Não obstante, o filme conta com alguns acertos. O primeiro foi a direção de Joe Wright, que se mostrou hábil ao criar um ambiente fantasioso e colorido, com um quê de carnavalesco. Isso sem contar a transição, pois a obra passa por alguns ambientes distintos: o primeiro, mais rápido, é a Londres no início da 2ª Guerra; o segundo, introduzindo Peter, é também a Londres da 2ª Guerra, especificamente o orfanato em que Peter reside; o terceiro, introduzindo a Terra do Nunca, é a área em que o vilão Barba Negra é soberano (lembrando um pouco os domínios de Immortan Joe, de "Mad Max: estrada da fúria"); por fim, um quarto ambiente que é a verdadeira Terra do Nunca, onde Peter encontra os indígenas e vislumbra a beleza do local. Em termos de design de produção, a transição do sombrio para o alegre - ainda que eventualmente obscuro no meio do caminho, como na cena das sereias - é feita de forma natural, nada forçado. A estética é a ideal. Até mesmo a trilha sonora é compatível com essa transição, incluindo Nirvana e Ramones (e melhor: absolutamente coerente com a cena!) na apresentação do Barba Negra, para depois músicas no estilo de aventura, como é o filme. Uma aventura fantasiosa e empolgante, que acerta em muitos aspectos técnicos, notadamente visuais e sonoros - sem brilhantismo, mas com competência. Mas não todos.

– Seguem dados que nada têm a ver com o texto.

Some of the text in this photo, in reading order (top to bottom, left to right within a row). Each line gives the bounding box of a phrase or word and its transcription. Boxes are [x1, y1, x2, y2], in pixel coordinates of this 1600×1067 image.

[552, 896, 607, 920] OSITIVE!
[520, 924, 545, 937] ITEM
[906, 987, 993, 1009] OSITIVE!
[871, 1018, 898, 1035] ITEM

O roteiro parte da premissa de uma boa ideia e termina na boa ideia. Talvez a montagem irregular tenha cooperado para a quebra de ritmo, variando entre a ação e a monotonia com rapidez exagerada. Mas fato é que a narrativa se sustenta unicamente por apresentar a realidade fantástica de Peter e da Terra do Nunca, sem surpresas e, o que é pior, sem profundidade alguma. Ainda mais grave é a ausência de exploração da clássica ideia pela qual Peter é conhecido: criança que não queria crescer. A dramaticidade da personagem existe muito mais em razão da sua condição de órfão do que por outros fatores. Assim, o protagonista acaba ficando vazio, um herói com propósito ególatra que pouco consegue se sustentar. O único aspecto positivo é a constante dúvida de Peter sobre si mesmo e suas capacidades. Foi inteligente inserir um herói bravo, porém inseguro sobre si, elemento da sua personalidade que foi melhor explorado. Mas é pouco. Nem mesmo a boa interpretação do promissor Levi Miller consegue salvar um Peter reduzido à busca da mãe e à própria insegurança. Ainda assim, Miller sabe variar entre a aventura e o drama quando exigido - caso contrário, com um ator ruim, o filme poderia ter sido um fracasso.

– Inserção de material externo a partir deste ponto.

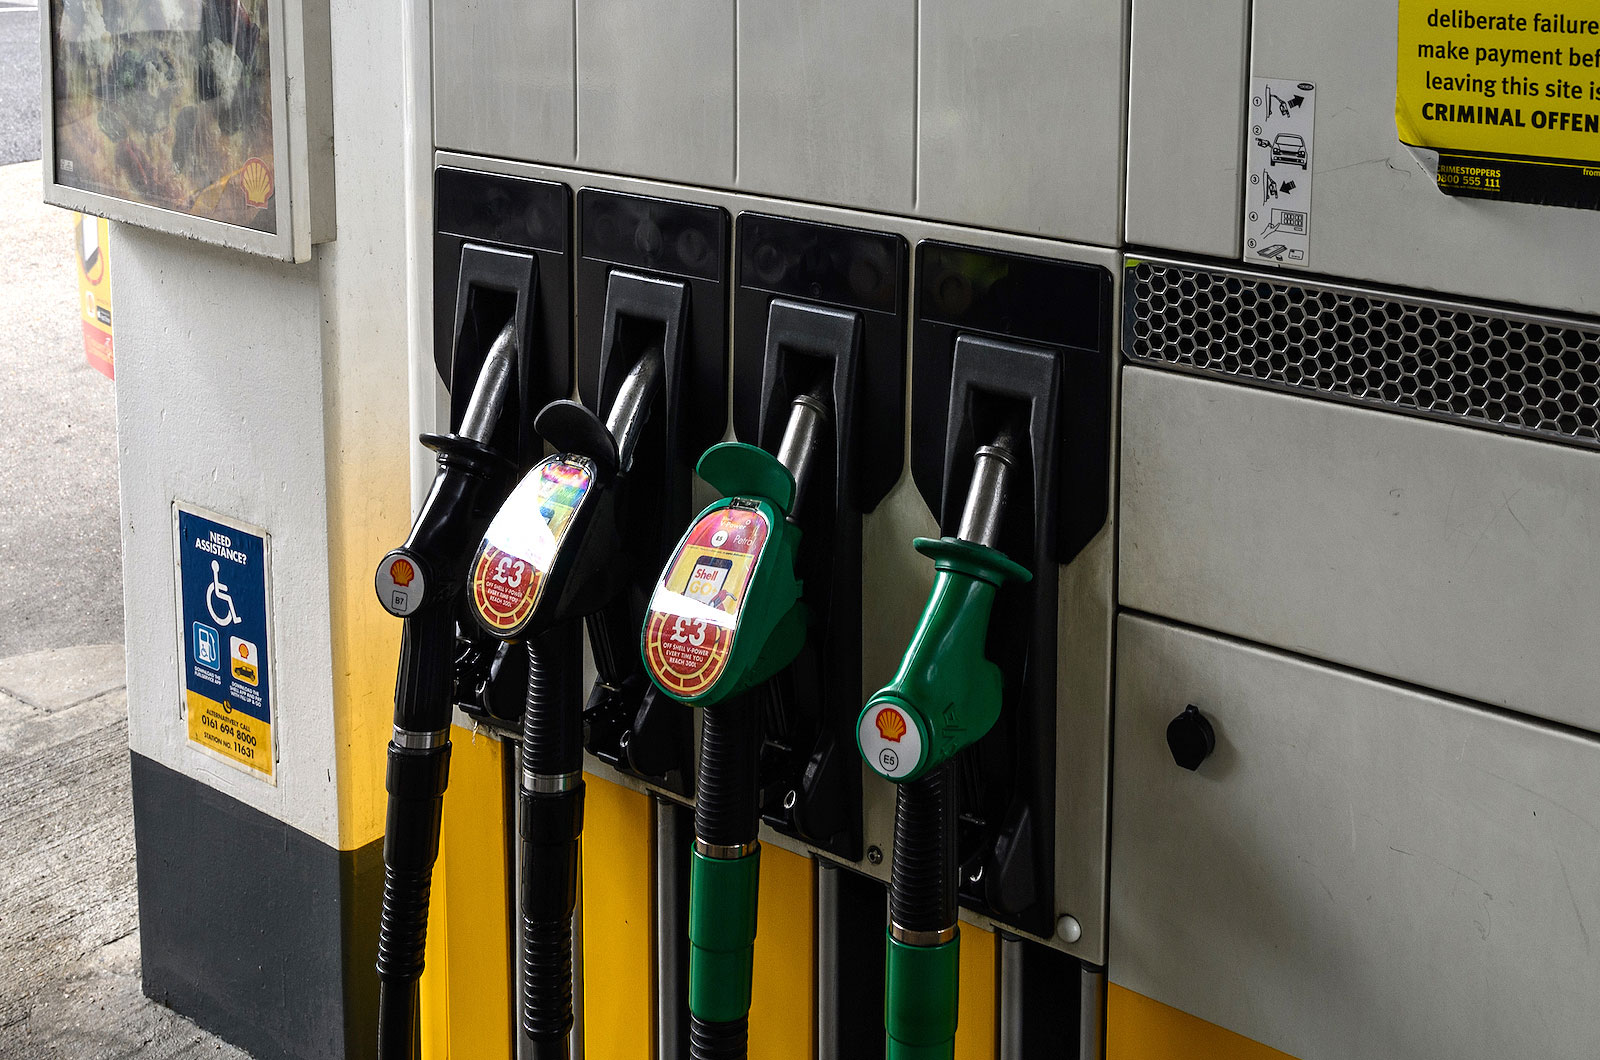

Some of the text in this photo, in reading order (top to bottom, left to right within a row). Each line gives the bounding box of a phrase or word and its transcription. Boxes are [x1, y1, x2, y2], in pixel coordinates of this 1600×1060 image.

[1427, 8, 1600, 35] deliberate failure
[1418, 40, 1470, 60] make
[1475, 47, 1563, 67] payment
[1426, 70, 1497, 98] leaving
[1501, 76, 1539, 97] this
[1545, 79, 1583, 99] site
[1421, 102, 1600, 133] CRIMINAL OFFEN
[1583, 167, 1600, 177] from
[1462, 176, 1481, 186] 555
[1485, 178, 1500, 188] 111
[209, 530, 232, 548] NEED
[195, 537, 247, 565] ASSISTANCE?
[492, 556, 526, 588] £3
[694, 568, 719, 582] Shell
[487, 588, 519, 603] EVERY TIME YOU
[494, 584, 505, 592] SHELL
[504, 587, 523, 598] V-POWER
[395, 596, 405, 605] B7
[490, 595, 503, 604] REACH
[670, 616, 708, 647] £3
[665, 649, 704, 663] EVERY TIME YOU
[673, 644, 686, 652] SHELL
[686, 647, 709, 657] V-POWER
[669, 657, 685, 665] REACH
[206, 708, 251, 733] ALTERNATIVELY CALL
[201, 714, 257, 747] 0161 694 8000
[204, 731, 222, 745] STATION
[234, 741, 254, 759] 11631
[883, 754, 895, 766] E5

Seguindo na atuação, como previsto, é Hugh Jackman quem mais brilha. Em uma interpretação diferenciada daquela que já conhecemos (nem parece o mesmo ator de Wolverine), Jackman, em atuação farsesca, dá vida a um vilão que sabe a medida certa da sua vilania. A aparição inicial impressiona ante à grandiosidade da personagem, que escraviza as crianças com um discurso de alienação, e os elementos externos também colaboram, como a trilha sonora - em especial "Smells like teen spirits" (Nirvana) - e a filmagem que aumenta o pirata - maior profundidade de plano e angulação de baixo para cima. Barba Negra faz uma entrada triunfal, cabendo a um supermaquiado Jackman conduzir o déspota da Terra do Nunca. Ele é, sem dúvida, um grande ator. As cenas com Miller são as mais fascinantes, elevam a narrativa a outro patamar. Só não se pode afirmar que a dupla carrega o filme nas costas (afinal, a história em si é fajuta e muito mal conduzida) porque o visual é ótimo.

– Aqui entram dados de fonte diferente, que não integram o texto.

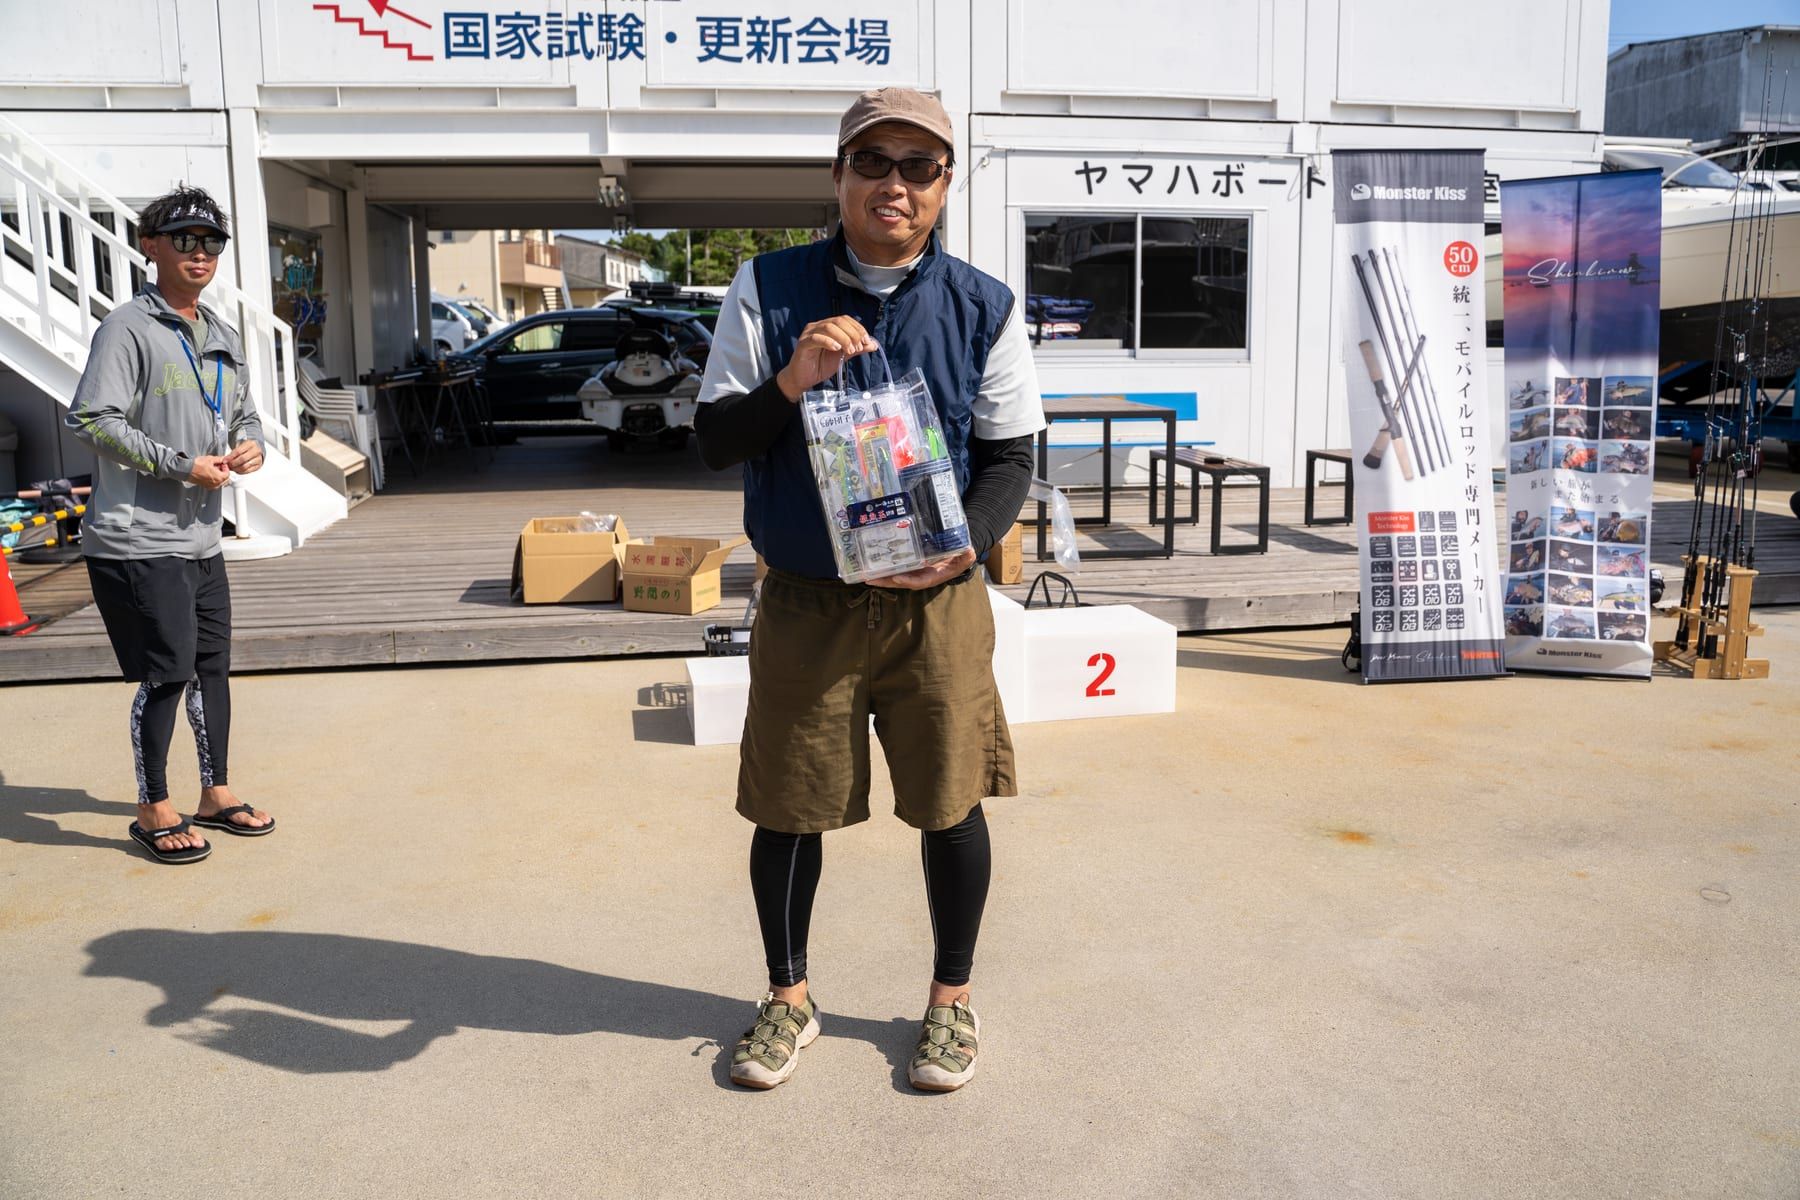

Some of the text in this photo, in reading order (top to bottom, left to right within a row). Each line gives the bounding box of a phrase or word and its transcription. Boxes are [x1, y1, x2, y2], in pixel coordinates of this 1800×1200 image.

[443, 13, 892, 66] 国家試験・更新会場
[1373, 186, 1467, 201] Monster Kiss
[1448, 246, 1473, 264] 50
[1450, 263, 1471, 274] cm
[1402, 598, 1416, 606] D9
[1424, 596, 1440, 605] D10
[1375, 623, 1393, 631] D12
[1548, 649, 1583, 657] Monster
[1086, 653, 1115, 697] 2

Os coadjuvantes são competentes, o que não é pouco. Garrett Hedlund não é um primor, mas está distante de ser ruim. O ator compreendeu que a proposta era de um Gancho (ainda não capitão e ainda não vilão, embora um pouco misterioso) surpreendentemente heroico (pois arredio e aparentemente egoísta no início) e, principalmente, galanteador. Para essa proposta, Hedlund dá conta - e sobra capacidade. Porém, seria difícil imaginá-lo como o Capitão Gancho, grande vilão que conhecemos.  Em outras palavras, o ator se dá bem ao interpretar um herói coadjuvante que alterna entre momentos de coragem (e consequente heroísmo) e de galanteio, mas não se pode saber se ele daria conta ao Gancho clássico, vilão implacável. Difícil não prever um fracasso em uma eventual continuação colocando Hedlund como o conhecido Capitão Gancho. Por sua vez, Rooney Mara interpreta uma coadjuvante opaca.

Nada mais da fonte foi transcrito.